▶ Watch Video: Valkyries’ Coach Natalie Nakase reflects on her Los Angeles roots
Long before becoming the Golden State Valkyries head coach, Natalie Nakase was already spending most of her time on the court. She could be found at an Orange County basketball court on any given night in the 1980s.
She and her sisters took score during their father’s Japanese American pickup basketball games.
Gary Nakase co-founded the league. He would take his three daughters with him to make sure they were learning the sport analytically.
“My mom said, ‘If you go play basketball two times a week, you’re taking the three little girls,'” Nakase told CBS News Bay Area in a sit-down interview.
Basketball was life for the Nakase family. No sleepovers, no vacations. The sport was the priority.
“I thought that was my normal childhood,” she said. “Now I look, and he was training me for this moment.”
Nakase is the first Asian American WNBA coach, but before even entering the world of coaching, she was a great basketball player.

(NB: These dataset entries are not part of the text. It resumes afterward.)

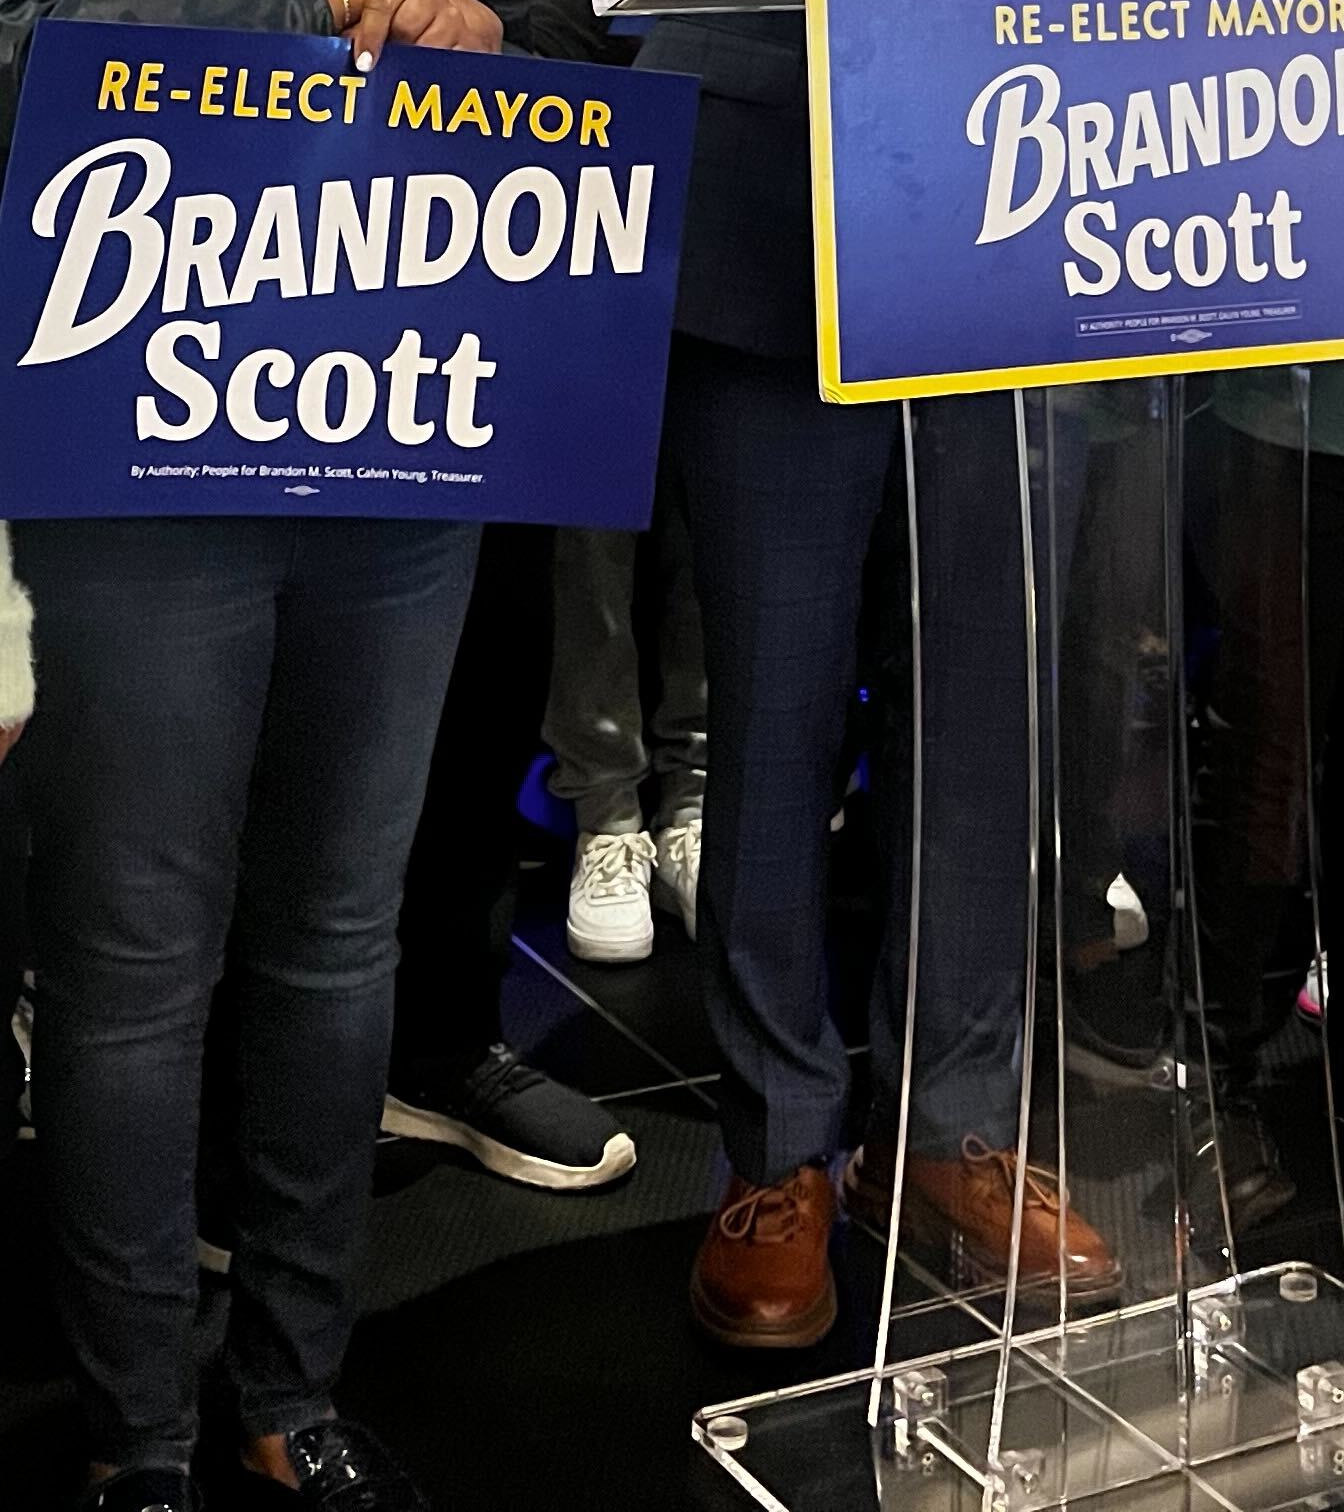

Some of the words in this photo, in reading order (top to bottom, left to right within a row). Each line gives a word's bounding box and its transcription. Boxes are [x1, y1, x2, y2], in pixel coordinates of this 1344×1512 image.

[995, 0, 1190, 45] RE-ELECT
[97, 60, 366, 125] RE-ELECT
[388, 80, 612, 148] MAYOR
[16, 138, 654, 367] BRANDON
[1062, 190, 1307, 297] Scott
[136, 321, 497, 448] Scott
[131, 465, 146, 479] By
[202, 465, 239, 478] People
[241, 464, 257, 477] for
[259, 465, 306, 478] Brandon
[356, 467, 390, 479] Calvin

Her older sisters, Nicola and Norie, played at Marina High School in Huntington Beach. Nicola had graduated by the time Natalie was entering as a freshman. Norie was set to be a senior, but it looked unlikely that they would play together based on a rule head coach Pete Bonny had.

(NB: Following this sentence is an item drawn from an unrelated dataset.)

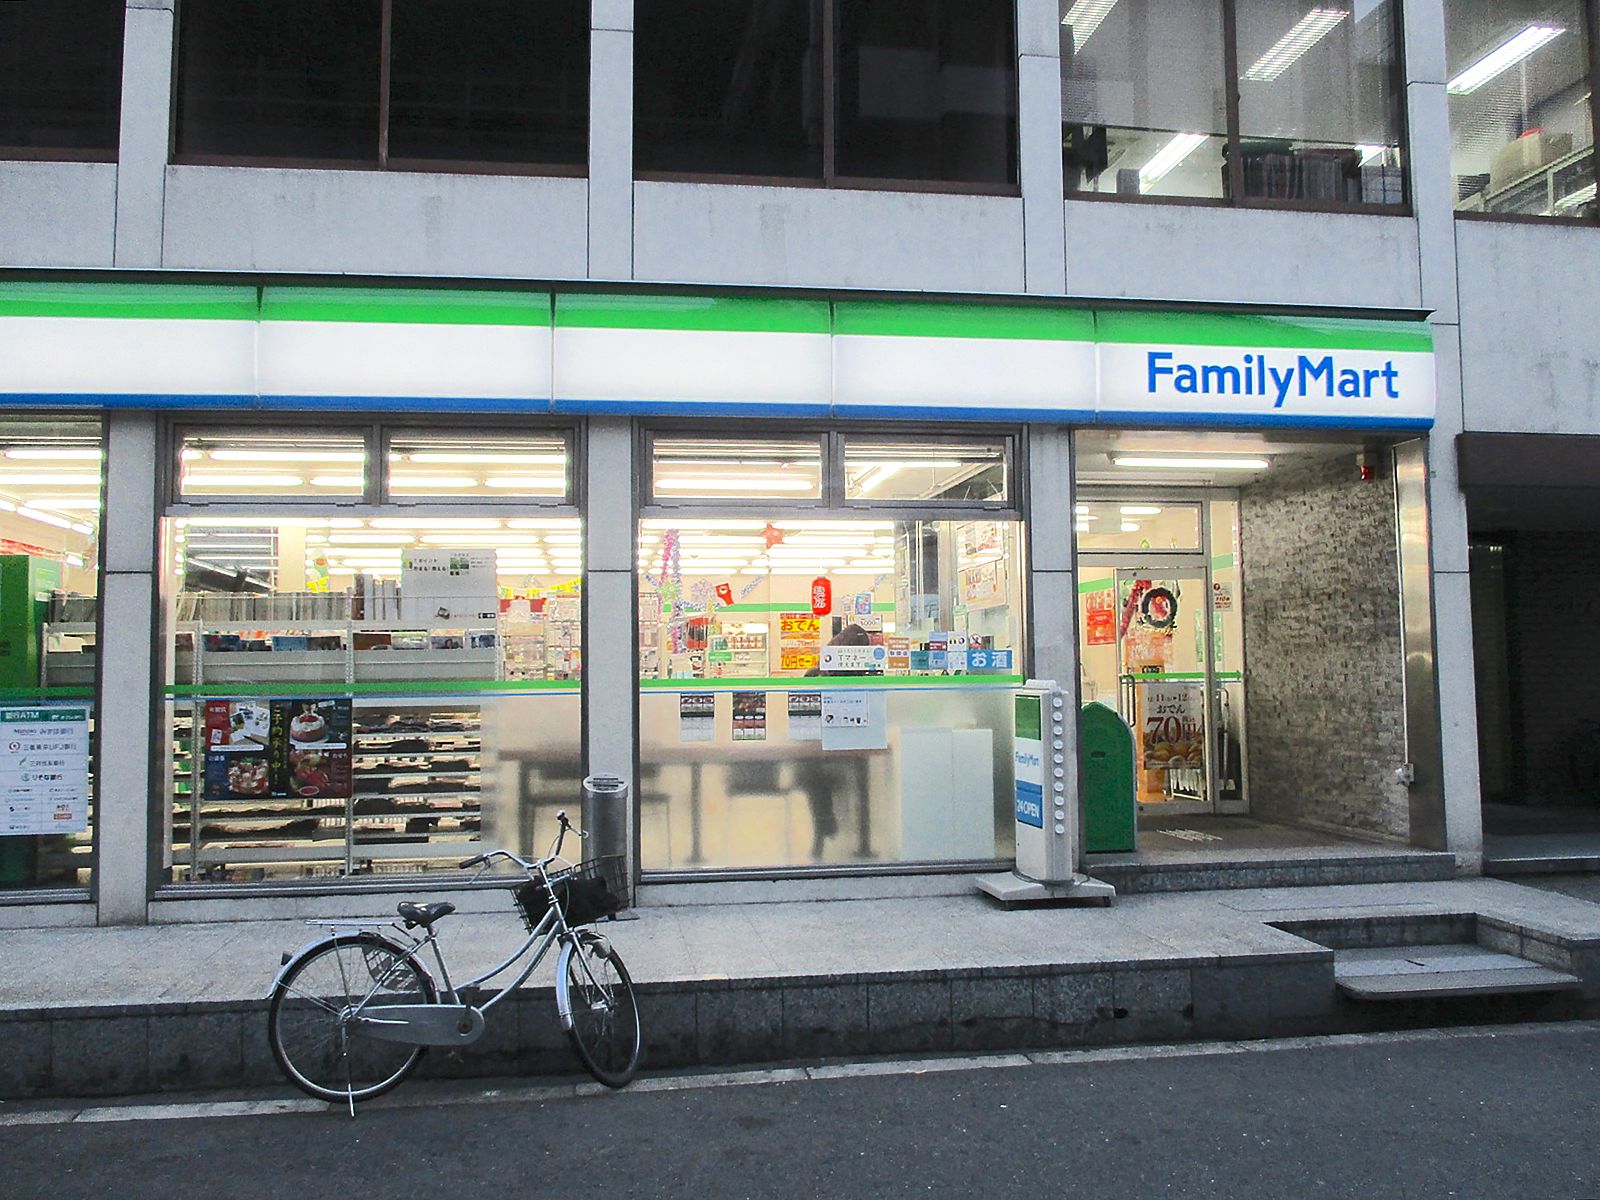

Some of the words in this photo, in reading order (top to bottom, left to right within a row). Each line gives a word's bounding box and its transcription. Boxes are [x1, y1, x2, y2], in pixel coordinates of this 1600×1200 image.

“He thought there was no way I was going to make varsity,” Nakase said. “He said, ‘I don’t put freshman on varsity.'”
More than 25 years after he coached his final game there, Bonny strolled into Marina High School on a Sunday afternoon before the Valkyries faced the Los Angeles Sparks. He looked around the gym, locating the banners with the many accolades he won there.
He coached at Marina High for a decade, racking up six league titles. A demanding coach, he wasn’t sold on a player he had never seen despite the rave reviews he was hearing about her in 1995.
“Everyone said, ‘You’re getting this really great point guard.’ And I thought, ‘I’ll believe it when I see it,'” Bonny said.
It didn’t take long for him to realize what he had in the youngest Nakase. During a June practice well before the school year began, he lined up the returning varsity players on one court and the incoming freshman team on another.
As Nakase remembers, she didn’t even last a single hour with the other freshmen.
“I think I spent 30 minutes on the JV court, and he was like, ‘OK, let’s see it,'” Nakase said.
Bonny was sold.
“I watched for about 45 seconds and I said, ‘Number 11, you’re going to be on this side for the next four years,'” he said.
Making the varsity squad was the easiest part of her four years at Marina High School. Bonny pushed Nakase to her limits, making practices tougher than games.
“My high school coaches were tough,” she said. “We played up-tempo basketball. If we didn’t play hard and with pace, we would get yelled at. We had a lot of victories because of the practices we had.”
All of that hard work paid off in 1998. Marina High School won its first CIF Section Title in program history, and Nakase was named the County Player of the Year by the Los Angeles Times and Orange County Register.
“It was all about winning championships,” she said. “I’d rather win and not be an All Star or MVP, that meant more.”
When asked about her importance to the 1998 team, Bonny couldn’t help but laugh.
“That was really the epitome of a team,” he said. “She was the choreographer. Defensively, she told people what to do, and offensively, she put people in their place.
The 5-foot-1 point guard left Marina as the all-time leader in career assists, steals and three-point shots made. She walked on at UCLA and started three years and then played pro ball.
Eventually, she felt a calling to coaching. It didn’t take long before she recognized Bonny in herself.
“Him giving up his time, I think that has impacted me,” she said. “I love giving my time on the court to the players. I would say I’m a mirror image of him.”
Many of the lessons learned from Bonny helped her score opportunities with the Los Angeles Clippers and then later in the WNBA, where she was an assistant with the Las Vegas Aces.
Before the Valkyries came calling, Nakase and Bonny reunited inside that Marina High gym in 2024, when the school retired her number. She became the first girls’ basketball player to be honored in that way.
“There’ve been a lot of great players throughout the years, but as far as basketball, when you think of Marina High School girls’ basketball, that’s kind of one of the first names that jumps out,” Bonny said of Nakase.
She continues to represent her roots, now on a national stage. While she’s busy living out her dream in the Bay Area, she has acted as a hero to many in Southern California who look up to her.
“I would have never thought that going after my passion and doing it as a job would ever inspire people,” Nakase said. “It means the world that I can impact someone by just following my passion.”